Outfitters, a little bit of Radio Shack, a little bit of Barnes &

Noble, a little bit of CVS, and a whole lot of orange and black. At

Princeton University, the campus bookstore — the Princeton

University

store — has just completed a $2 million renovation aimed at

creating

a brighter atmosphere, a better layout, and more merchandise.

Management

at the 40,000-square-foot store at 36 University Place, known as the

"U-Store," hopes the changes create a more inviting location

for the community to shop as well.

"We did research in 1997 on how people felt about the set up of

the store and what they wanted," says James R. Sykes, the U-Store

president and CEO. "We asked students, staff, faculty, alumni,

and townspeople. And the results were that nobody knew what was inside

the store. There were a lot of walls."

This summer the store shut down and construction workers knocked down

those walls to create big spaces. Merchandise is situated to create

a "race track" layout, leading customers in a circular pattern

around the store, exposing them to more products. Administrative

offices,

stockrooms, and the receiving area have been moved to the basement.

Apparel is on the second floor, as before, but books have been moved

from the first to the third floor. Items for campus living went from

the basement to the first floor.

Sykes, who has headed the institution for four years, says the board

of directors realized a renovation was long overdue when they

interviewed

candidates for the CEO’s job and heard every one of them recommend

drastic changes. "It really became apparent to them that the store

was run down," says Sykes. The store faced that problem in

addition

to the common retailing challenge of competition (especially from

big box bookstores on Route 1), and it had other special

circumstances,

imposed by the university.

Sykes was offered a quick fix when he had been on the

job only two weeks. In October, 1996, Barnes & Noble approached

him, asking if he would like the chain to run the campus store as

they do at a number of colleges.
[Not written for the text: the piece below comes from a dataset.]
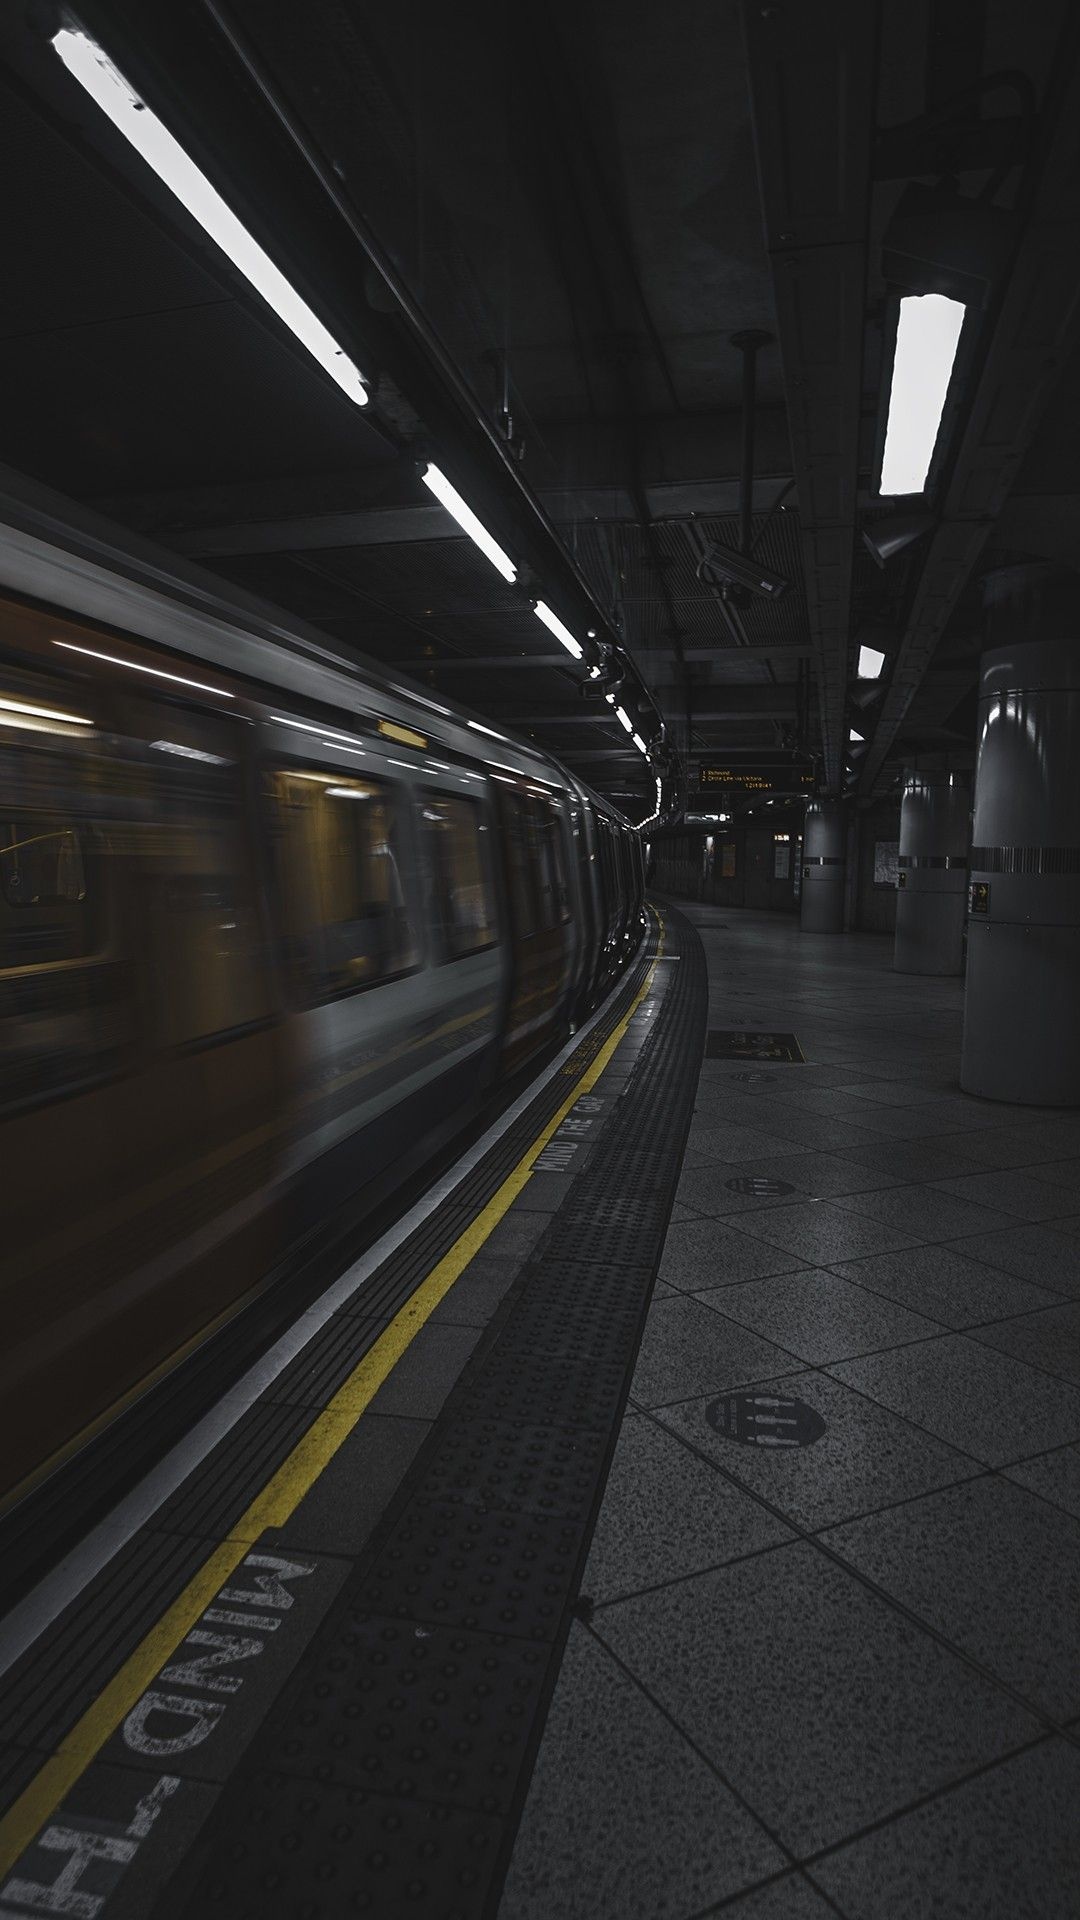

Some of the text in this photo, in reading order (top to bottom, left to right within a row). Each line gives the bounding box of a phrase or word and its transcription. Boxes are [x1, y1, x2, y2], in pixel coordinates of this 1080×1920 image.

Barnes & Noble claimed it would have

generated hundreds of thousands of additional dollars per year, says

Sykes. But after four months the board rejected the offer, thinking

it could be more responsive to local control and interests. "The

ability to make the store unique to Princeton was more highly valued

than the money," Sykes says. "Rather than having a chain

environment,

we could tailor the assortment to Princeton."

The Princeton University Store has been in business since 1905. It

is a co-op with the mission to serve the needs of the Princeton campus

and the larger Princeton community. It claims to be Princeton’s

largest

independent bookstore, and it is downtown Princeton’s only department

store. To its advantage, it even has its own free parking lot directly

across the street. Its board of trustees has some Princeton University

students among its members. Anyone who belongs to the U-Store

Cooperative,

which includes anyone who has ever been a student, gets discounts.

Sykes says there are 50,000 members and currently about 10,000 active

members, half of them students.

U-Store research showed that both students and townspeople wanted

to shop close to home for the things that the U-Store offers —

textbooks, cosmetics, trade books, computer books, computers,

electronics,

clothing, greeting cards, medication, stationery, and Princeton

University

insignia clothing.

With the convenience of both the students and townspeople in mind,

the store has two entrances, one from the campus and one from

University

Place, and each entrance caters to a different group. In this way,

the renovation attempts to reach out to a greater audience but keeps

its roots firmly in its mission to serve and represent Princeton

University.

"The students wanted us to sell food and such," says Sykes.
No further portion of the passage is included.